One bans companies from transaction services unless they have at least 2 billion won in capital, and they must have 5 billion won to issue and manage electronic currencies.
“Under these regulations,” says Chang, “it is really difficult for nonfinancial companies to enter the financial market in Korea.”
This is only the beginning. Under another regulation, in order for a company to store credit card information, it needs to get government approval as a credit card company.
Additionally, under law, only banks and credit card issuers can verify a person’s identity. For IT companies to provide such services, they have no choice but to collaborate with banks and credit card companies.
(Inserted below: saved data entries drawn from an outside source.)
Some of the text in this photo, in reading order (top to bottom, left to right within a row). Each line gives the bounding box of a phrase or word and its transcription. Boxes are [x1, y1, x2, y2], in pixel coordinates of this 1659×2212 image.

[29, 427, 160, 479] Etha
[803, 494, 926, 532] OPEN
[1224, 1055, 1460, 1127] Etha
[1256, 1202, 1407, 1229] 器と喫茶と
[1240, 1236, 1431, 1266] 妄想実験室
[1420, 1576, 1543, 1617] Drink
Overseas, eBay’s PayPal and Google’s Oneclick maintain their users’ credit card information, while China’s Alibaba provides a variety of financial services through a separate financial affiliate.
“Of course, IT companies could ask the government for approval to provide financial services, but it isn’t easy,” Chang said.
The analyst added that it is very difficult for most IT companies, particularly start-ups, to meet the requirements stipulated by the regulations.
“Finding that amount of money is very difficult and when conglomerates try to enter, they will likely be restricted to various regulations that force the separation of nonfinancial affiliates,” says Chang.
Another challenge Korean IT companies face is a lack of partners that accept the alternative payment system.
The key has been the so-called online-to-offline business, or O2O, which has become a blue ocean for IT companies, and the recent exponential growth of mobile shopping has triggered IT companies to test the water.
“The local payment market faces a new turning point with the launch of Kakao Pay and Line Pay,” says Park Hye-jin, an analyst at Korea Investment and Securities. “For the two companies to succeed, they need to advance beyond the mobile market and expand into offline as well.”
Park says that what PayPal lacks and Alipay has is vast connections and partnerships with offline businesses.
“The more stores and businesses accept the mobile payment system, the more it will be chosen by consumers as a new payment alternative,” the analyst adds.
A lack of infrastructure and daily transaction limits make it difficult for mobile payment services to make headway in Korea.
“Mobile payment is an inevitable course and the government will not be able to ignore that Korea is falling behind a changing paradigm,” says Chang of Samsung Securities. “Regulations set up to protect existing institutions will only deprive the country of opportunities from which it would benefit.”